* _Exercise goal_
Apart from the pictures, every part of the records below gets retyped exactly.

[Provided data — start]

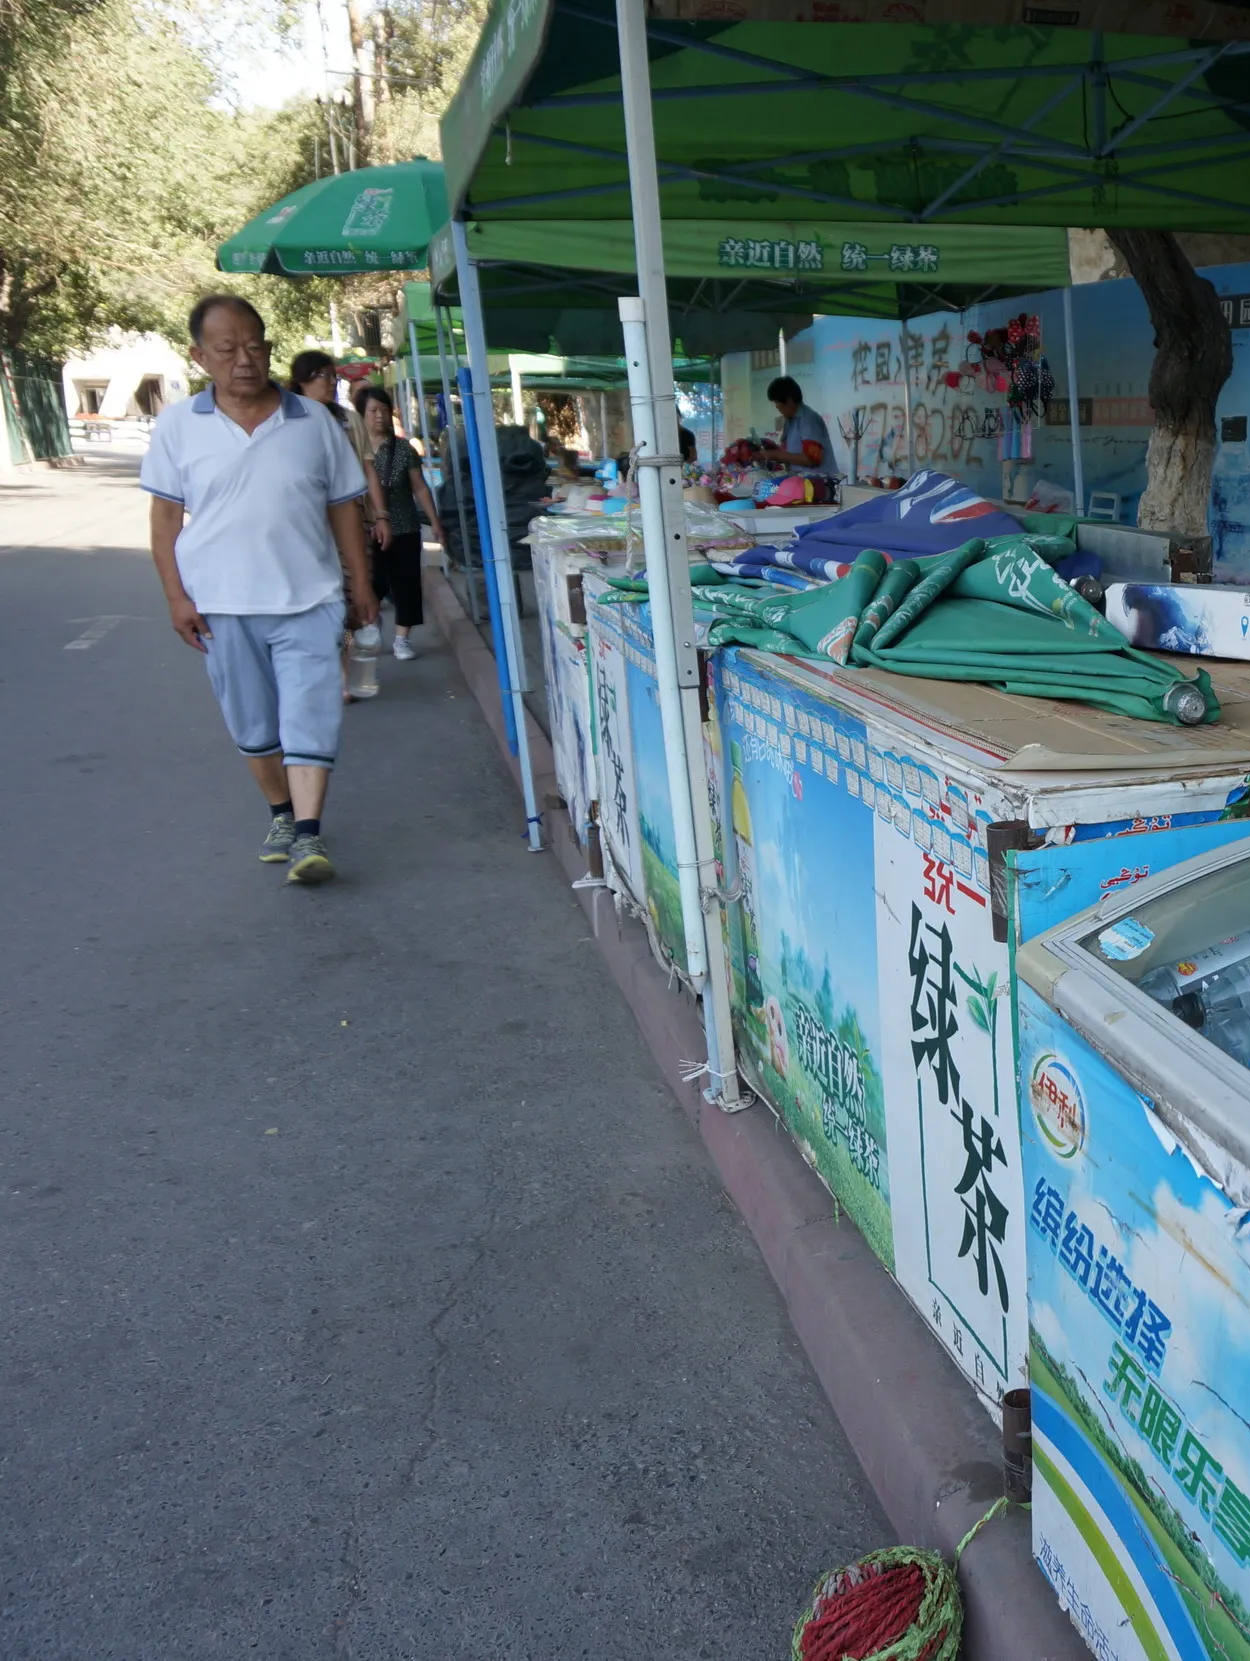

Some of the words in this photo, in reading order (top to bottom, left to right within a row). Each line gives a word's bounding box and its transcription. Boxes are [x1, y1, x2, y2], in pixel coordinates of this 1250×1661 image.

[719, 238, 823, 270] 亲近自然
[840, 242, 940, 273] 统一绿茶
[922, 851, 987, 916] 统一
[795, 1004, 868, 1126] 亲近自然
[907, 899, 1010, 1313] 绿茶
[1036, 1070, 1082, 1130] 伊利
[1029, 1175, 1173, 1378] 缤纷选择
[1039, 1531, 1119, 1661] 滋养生命活

[Provided data — finish]

* _Problem solution_
Some of the words in this photo, in reading order (top to bottom, left to right within a row). Each line gives a word's bounding box and its transcription. Boxes are [x1, y1, x2, y2], in pixel coordinates of this 1250×1661 image.

[719, 238, 823, 270] 亲近自然
[840, 242, 940, 273] 统一绿茶
[922, 851, 987, 916] 统一
[795, 1004, 868, 1126] 亲近自然
[907, 899, 1010, 1313] 绿茶
[1036, 1070, 1082, 1130] 伊利
[1029, 1175, 1173, 1378] 缤纷选择
[1039, 1531, 1119, 1661] 滋养生命活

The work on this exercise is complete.